I'm a bit puzzled that the approached it as a "hacking" story. They don't get it, either, I guess.
*sigh*
Posted by jzawodn at October 01, 2002 06:54 PM
*grumble* I missed it, and I normally listen to marketplace (left work early so wasn't driving home t the usual time).
It's online [1], fast forward to 22:18.
Whether it's hacking depends on your perspective, I suppose. Using surplus Internet bandwidth is one thing, but getting access to a corporate network from your van outside is a real problem that I never hear mentioned in these stories.

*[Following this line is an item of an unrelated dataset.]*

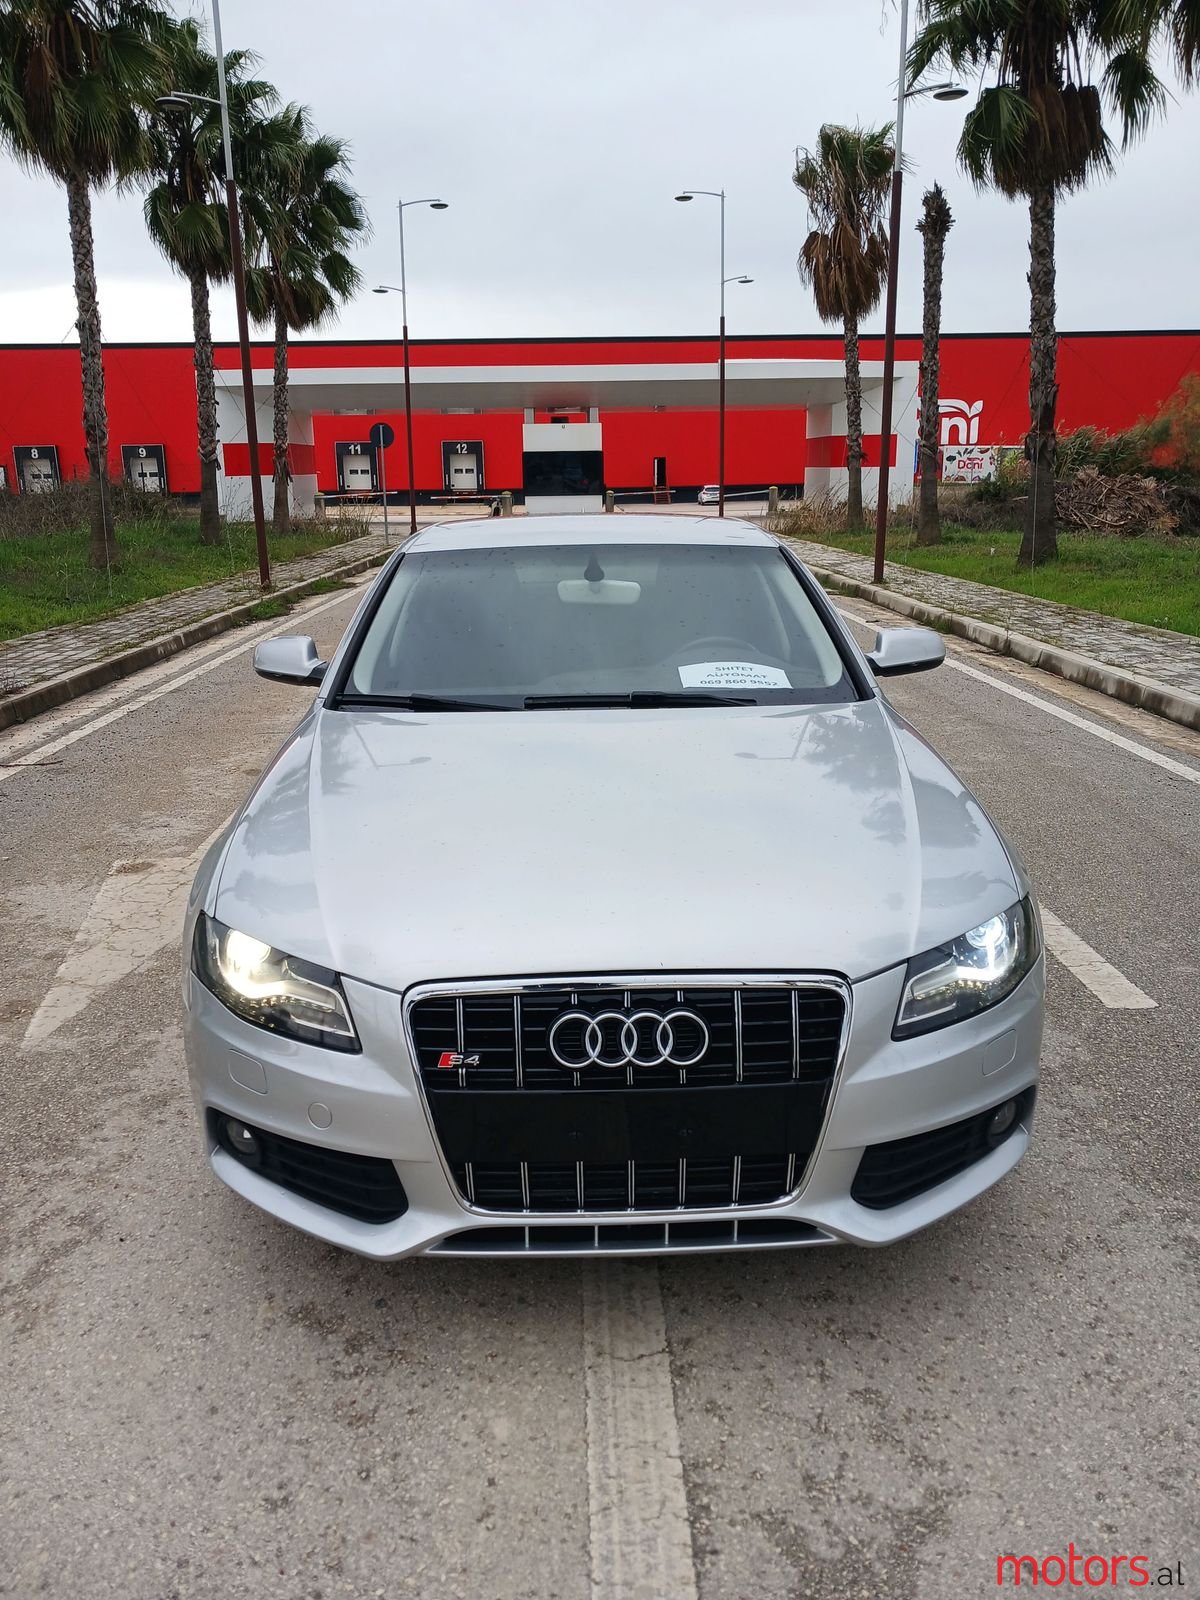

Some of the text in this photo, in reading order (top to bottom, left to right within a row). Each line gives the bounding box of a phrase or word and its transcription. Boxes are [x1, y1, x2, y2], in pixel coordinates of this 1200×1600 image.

If a company installed a RJ45 Ethernet jack on the outside of their building, and people came by, plugged in their laptop, and checked their Yahoo! Mail, maybe that's just a nice company who believes in free access, etc. But what if someone ran a port scanner against all the computers inside while checking their mail? What stops them from doing something like that? How about all those Windows 2000 machines in the company with an "Administrator" account with no password?
Now take away the wires. The company didn't install the jack, so they don't know (though they should) that they're providing access to their corporate network to the outside. All their fancy firewalling doesn't mean anything; I'm browsing your network, and you don't know about it.
If you're running a WAP on a corporate network, you either set up the strongest encryption you can with tight security controls, or consider yourself having installed a bunch of Ethernet jacks on the outside of the building.
I'm all for free wireless access to the Internet (only!) within 802.11b-shot of libraries, post offices, or your local Starbucks (seems that like would be a pretty wide range in many cities), but exploiting corporate security problems so you can blog from a park bench is a little shady.
Warchalking just gives people a shortcut to know which companies have their pants around their ankles. The problem lies with the people running the wireless network. If companies don't like warchalking, they should leave the chalk up outside and fix the problem inside. The chalk will disappear on its own.
[1] - http://www.marketplace.org/play/audio.php?media=/2002/10/01_mpp
I heard it and was in it. It was pretty disappointing. I found it funny when they said "these probably appeals to the same people who think GNU/Linux is the best thing since sliced bread" like GNU/Linux was some evil thing.